Hard Luck And Trouble
Page 9
Dust angels rose up to heaven as Doris Cawley attacked the nave and aisles of the Temple of God sanctuary with broom and dust rag. Sister Cawley was no slacker. She was pissed at the interruption, but she told me that, oh yes, indeed, she was acquainted with the McKinley sisters. Grew up with them. And oh yes, Lord, that was one wild child. She obviously regretted the last remark, because God-loving Christian that she was, she fluttered one hand in the air and tried to erase it.
I eased her embarrassment and told her it was okay—what she thought of my mother was none of my business.
She looked at me as if I had lost a quarter’s worth of sense and said, “I liked your mother.”
Now I was confused, but when I asked for an explanation she jabbered at me about how sisters certainly were a cross to bear, and she went on and on and on about hers. She blamed Hock’s downfall on men and liquor. Her sister’s name was Dorothea. Can you believe it? Hocks? A Dorothea?
Then Cawley’s eyes brimmed over with tears and in a sudden move, she grabbed both my hands and dropped like a lead shot to the floor. Well, shit, when she went, I went too—the woman was no Tootsie Pop. Both of us landed on our knees. She commenced to pray long and loud for two sisters who were, in her words, “lost to the world.”

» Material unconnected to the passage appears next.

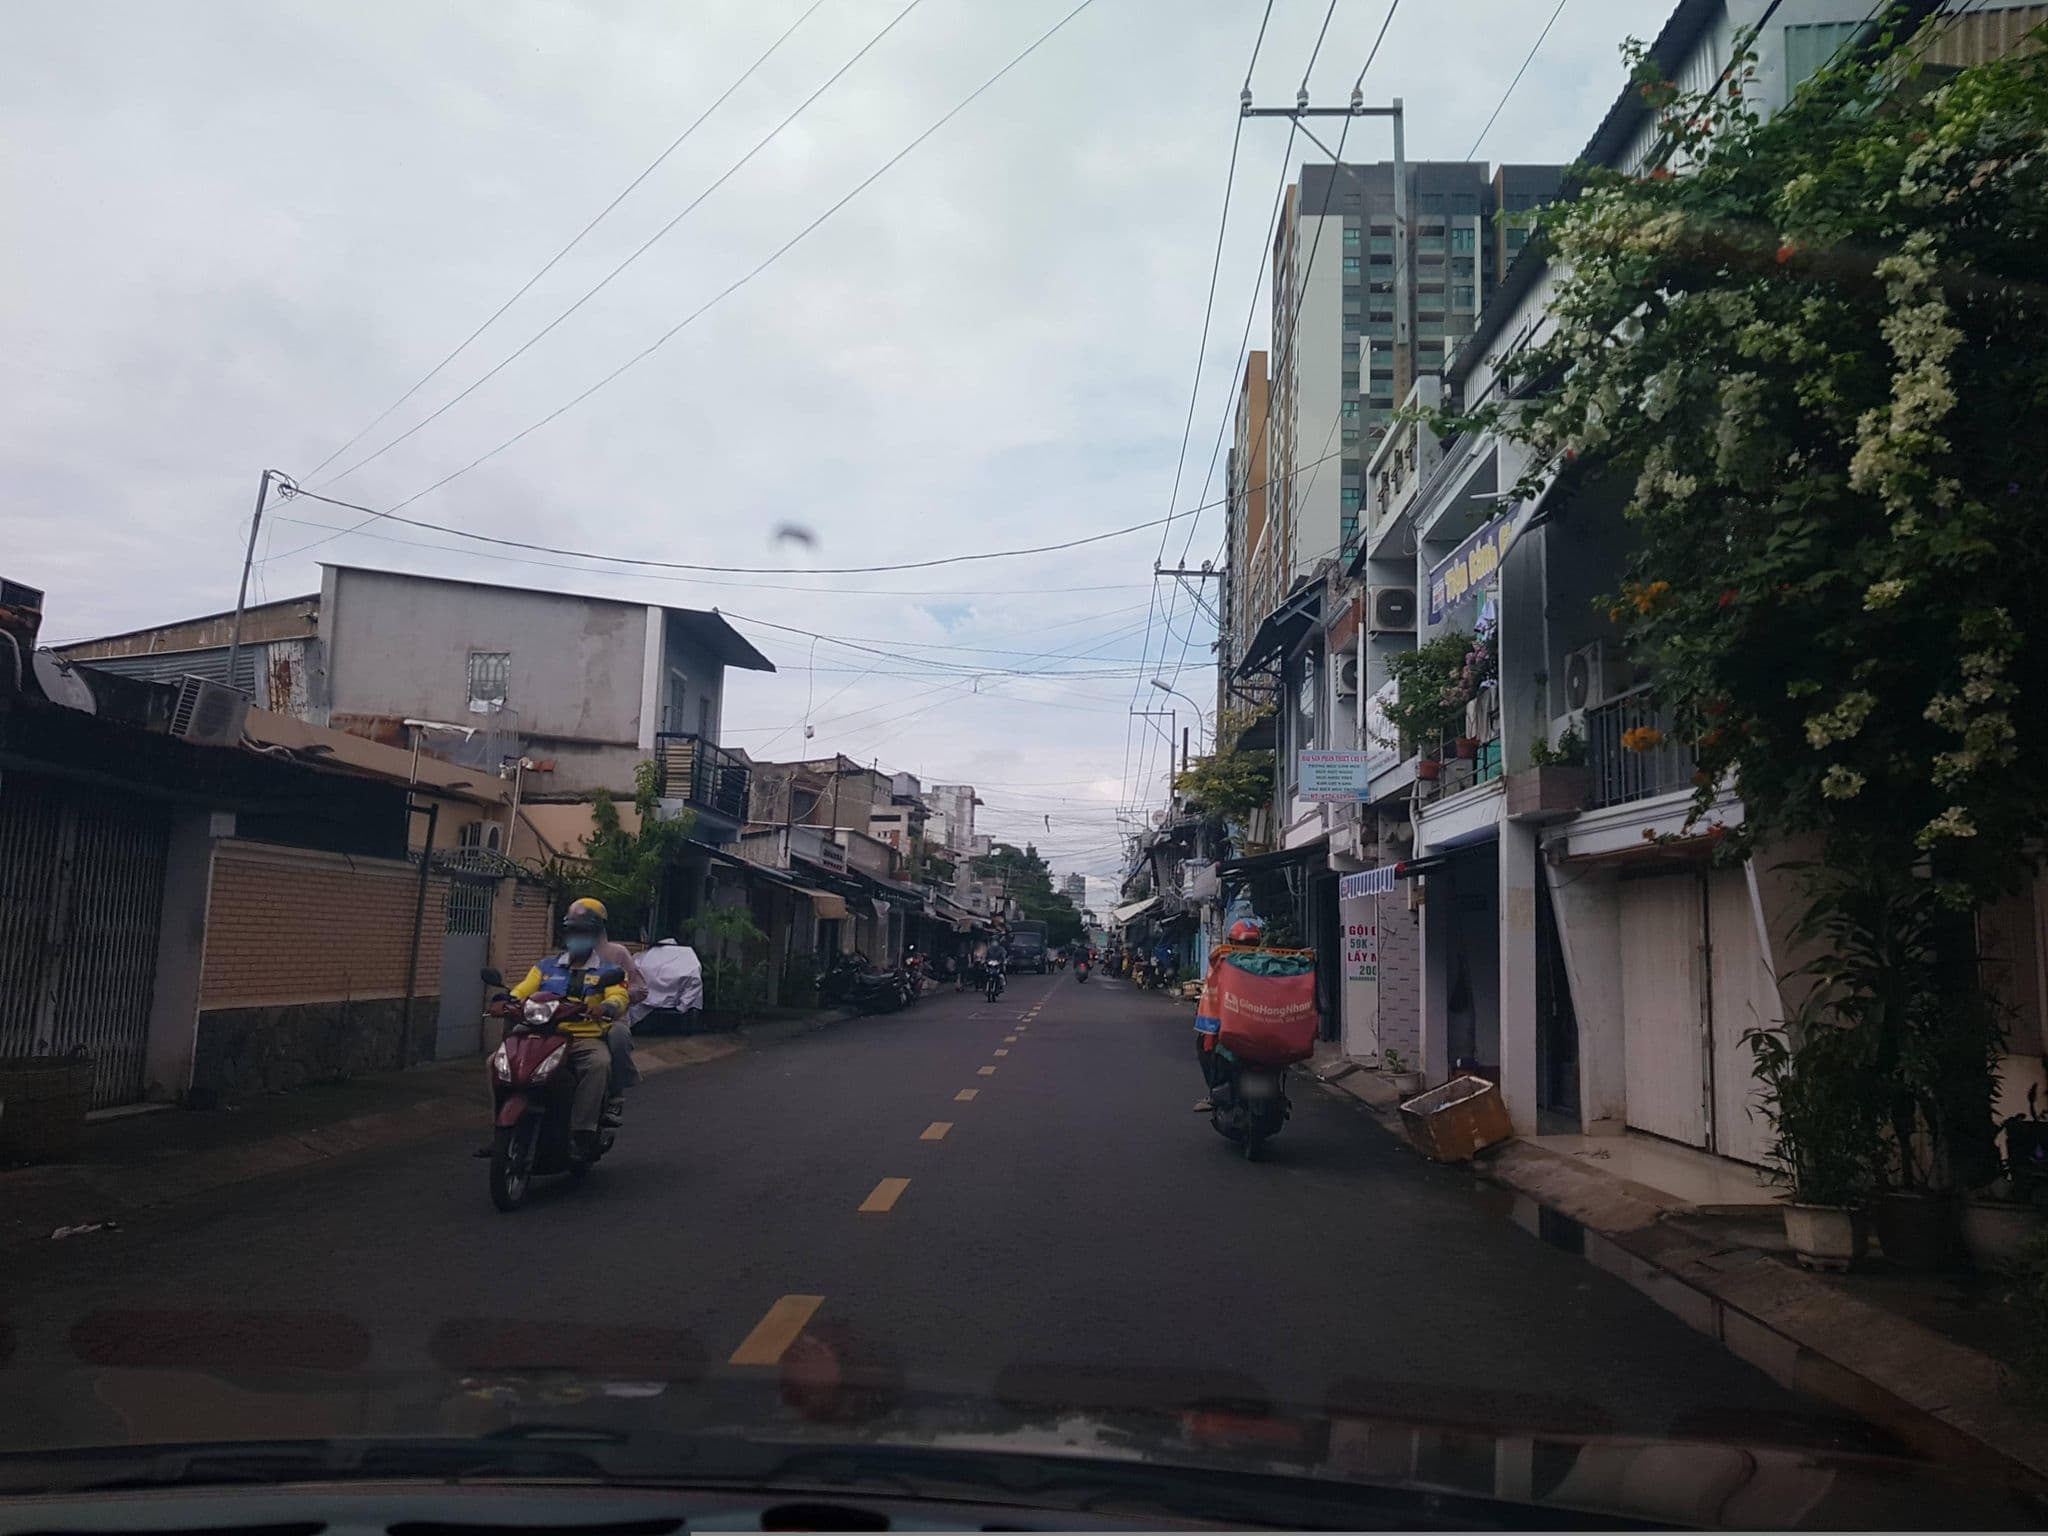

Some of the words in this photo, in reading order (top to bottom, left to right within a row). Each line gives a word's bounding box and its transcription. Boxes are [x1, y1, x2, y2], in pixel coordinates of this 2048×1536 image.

[1349, 924, 1368, 937] GỘI
[1348, 949, 1368, 962] LẤY
[1239, 999, 1312, 1017] GiaoHangNhan

Since it didn’t make any sense to get on the bad side of God, I stayed down for a respectful amount of time, but wouldn’t you know, Sister Cawley went into overdrive and shouts of Praise God, Hallelujah, and Lawd, Lawd, Lawd rang around the church walls. It didn’t take no Western Union telegram for me to get the message. I knew it was getting dangerous, so I pried myself loose from Sister Ton of Fun and split, stepping fast.
At the door I turned to see her still on her knees, praying. I intoned in response to her pleas, “God bless us, everyone.”
I read that somewhere.
A note hung from the door of my office as I entered my building. What now? I backed up a few steps and ripped the note from the door. Wilbur. Good news—he wrote that Josie was coming home and he and Patty were on their way to Harlem Hospital to pick her up.
Just time enough. I checked my watch against the time on the note, charged out of the brownstone, and rocketed off to the hospital. When I banged through the lobby entrance, the group had just exited the elevator.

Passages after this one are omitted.